#### Your assignment:
Copy the data that appears below exactly. Drop the pictures.

#### Dataset excerpts:
-=-=-=-=-

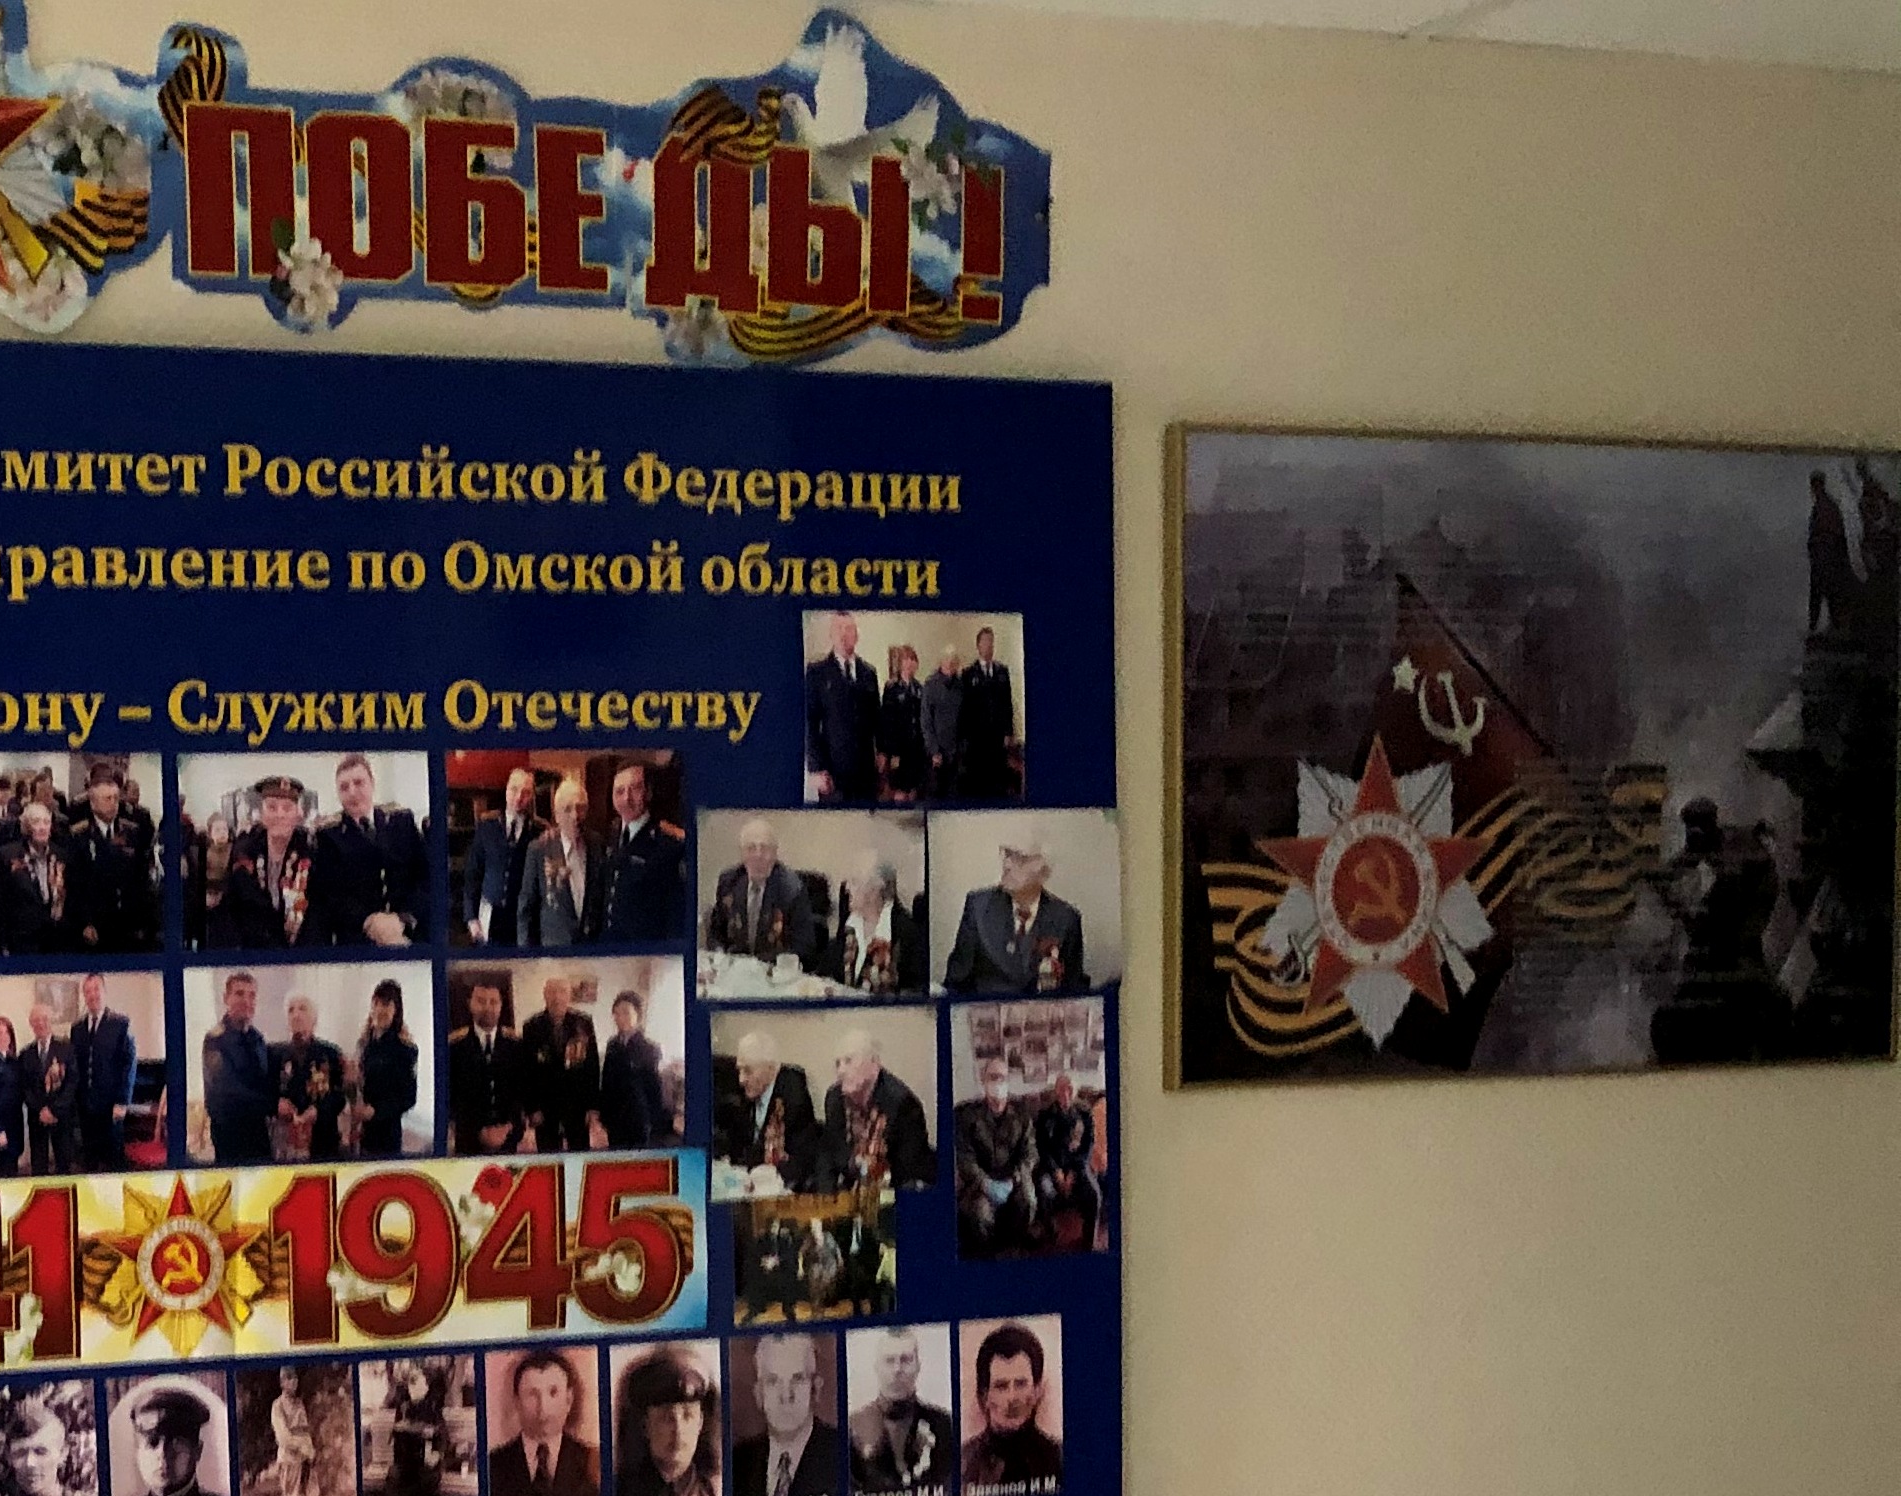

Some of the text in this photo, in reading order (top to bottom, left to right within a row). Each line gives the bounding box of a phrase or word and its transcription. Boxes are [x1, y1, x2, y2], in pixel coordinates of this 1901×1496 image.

[223, 444, 607, 505] Российской
[624, 451, 962, 522] Федерации
[348, 551, 425, 593] по
[444, 539, 683, 595] Омской
[701, 542, 941, 598] области
[167, 677, 425, 747] Служим
[443, 678, 761, 743] Отечеству
[268, 1155, 692, 1347] 1945
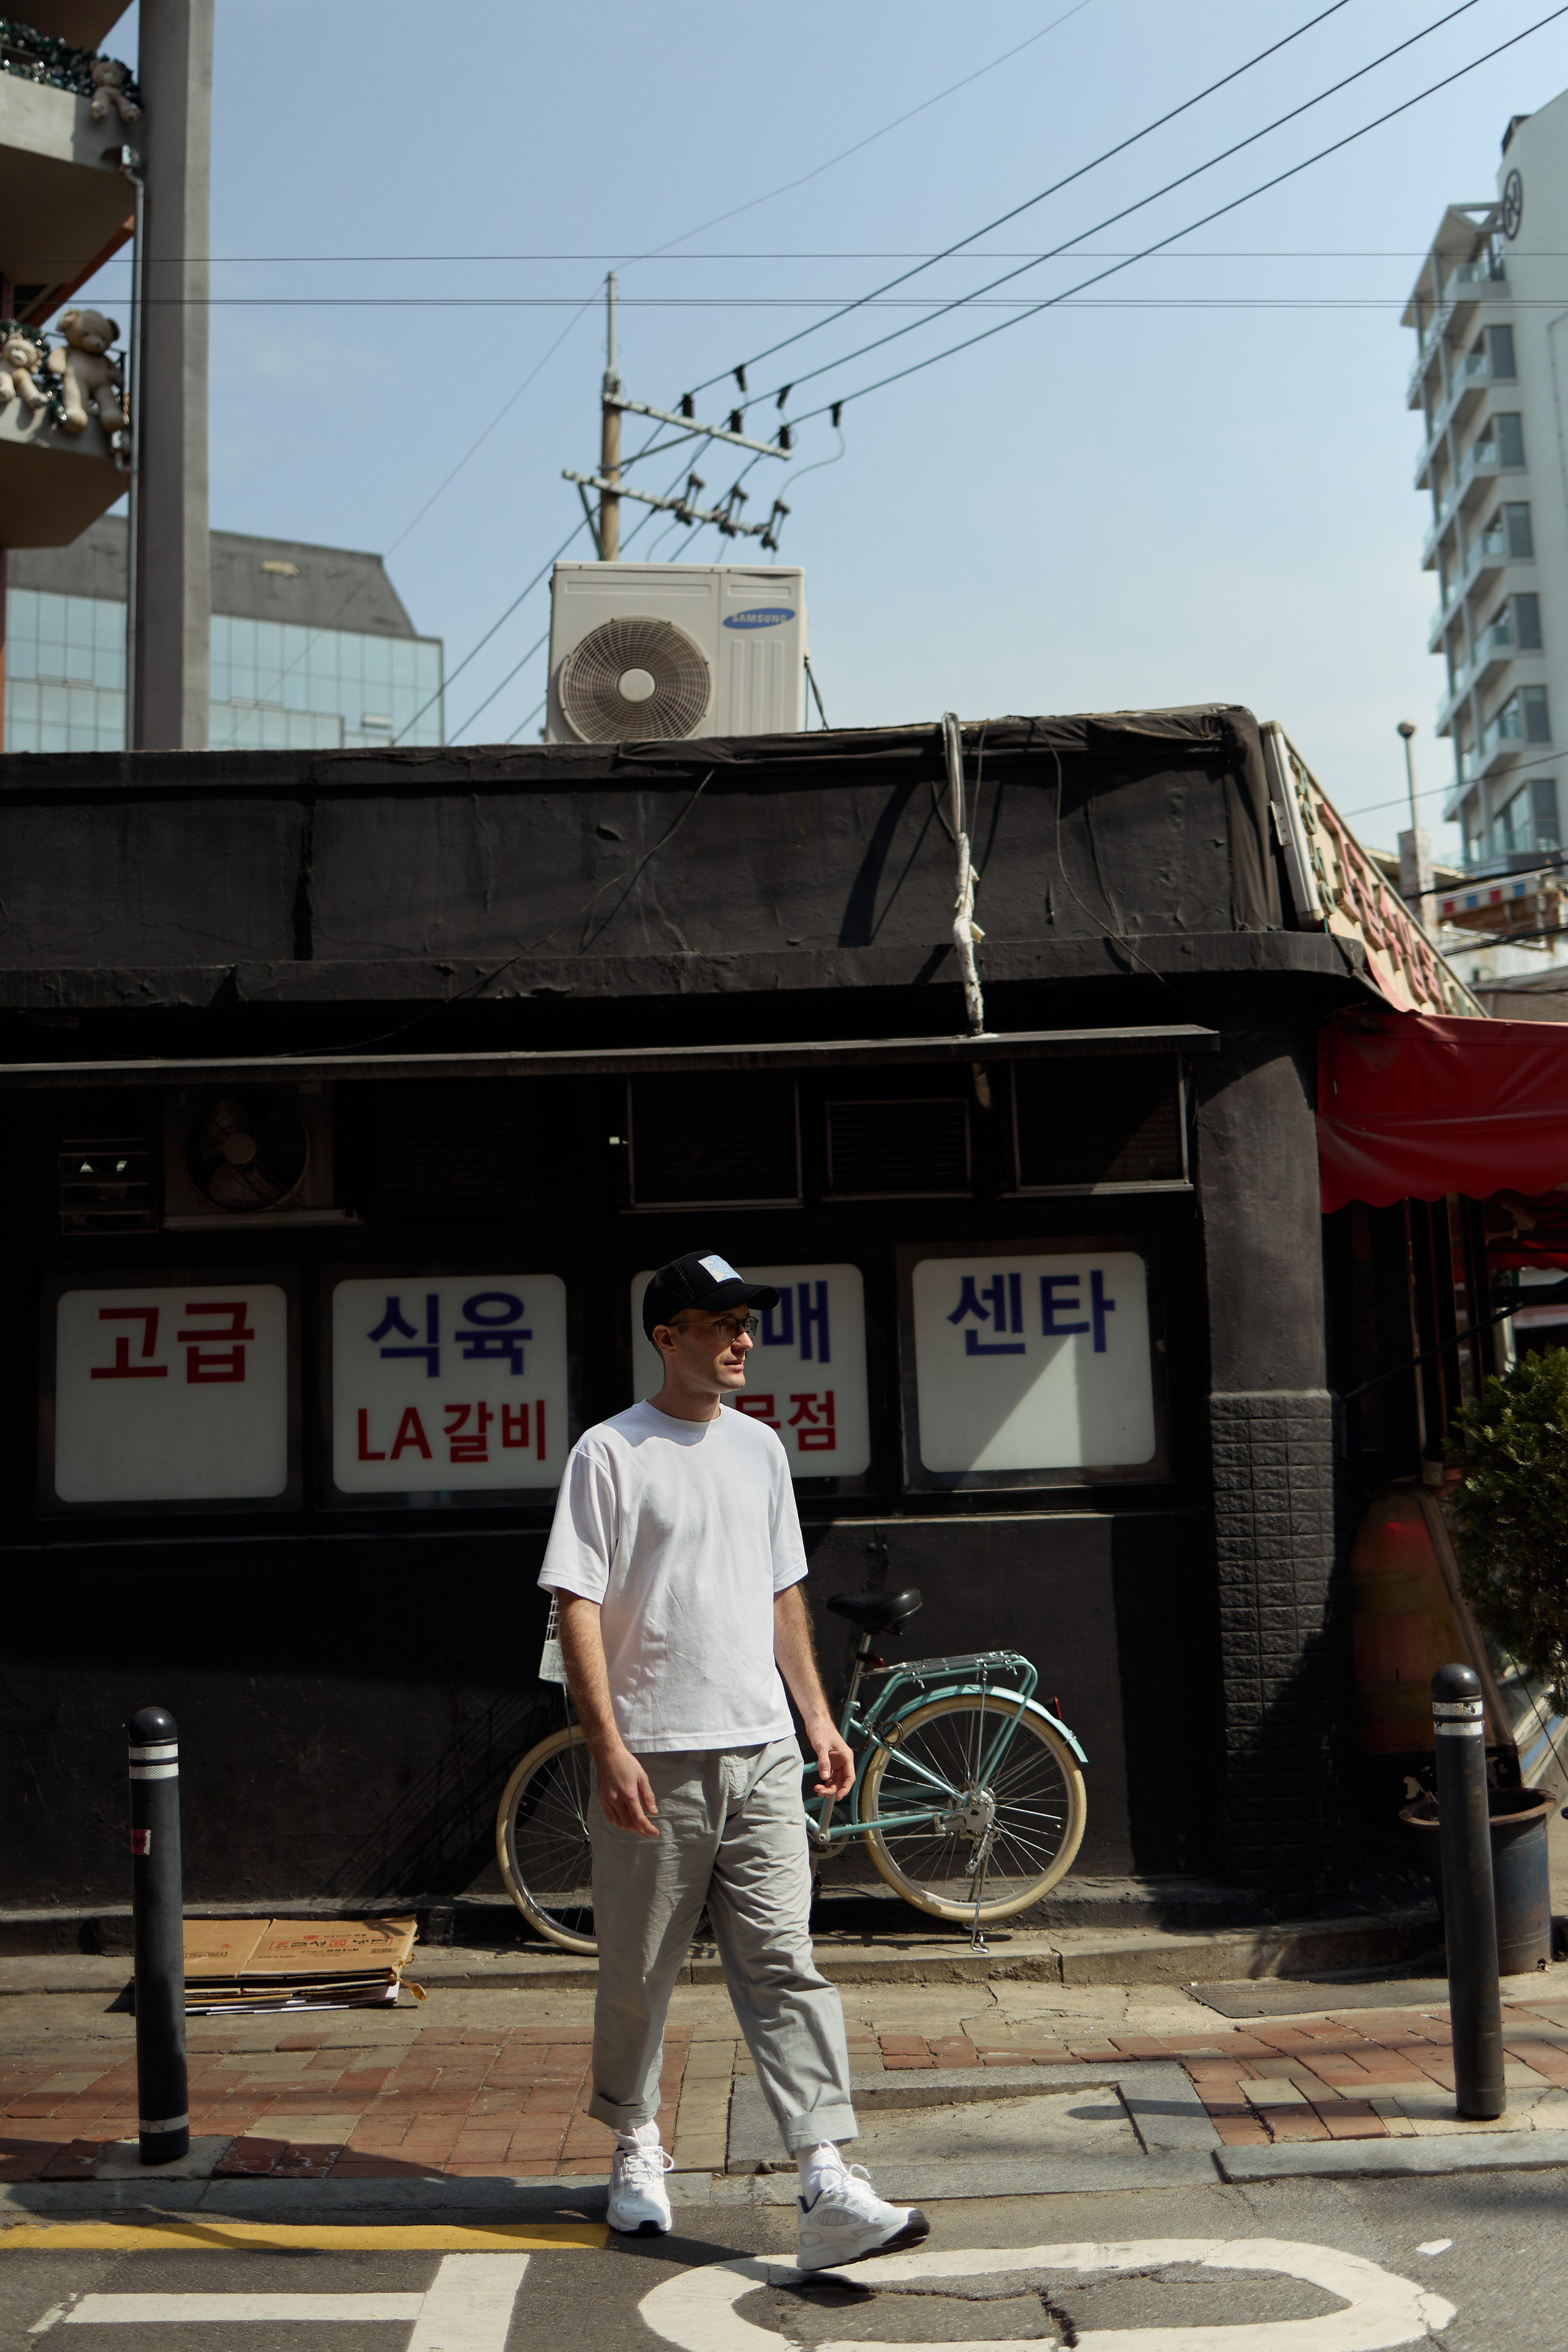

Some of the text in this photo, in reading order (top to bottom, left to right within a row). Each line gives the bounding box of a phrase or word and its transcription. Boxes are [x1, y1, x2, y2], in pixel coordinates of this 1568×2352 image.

-=-=-=-=-

#### Written solution:
Some of the text in this photo, in reading order (top to bottom, left to right within a row). Each line gives the bounding box of a phrase or word and its transcription. Boxes are [x1, y1, x2, y2], in pixel coordinates of this 1901×1496 image.

[223, 444, 607, 505] Российской
[624, 451, 962, 522] Федерации
[348, 551, 425, 593] по
[444, 539, 683, 595] Омской
[701, 542, 941, 598] области
[167, 677, 425, 747] Служим
[443, 678, 761, 743] Отечеству
[268, 1155, 692, 1347] 1945

Some of the text in this photo, in reading order (top to bottom, left to right within a row). Each line gives the bounding box of a phrase or word and its transcription. Boxes are [x1, y1, x2, y2], in pixel coordinates of this 1568×2352 image.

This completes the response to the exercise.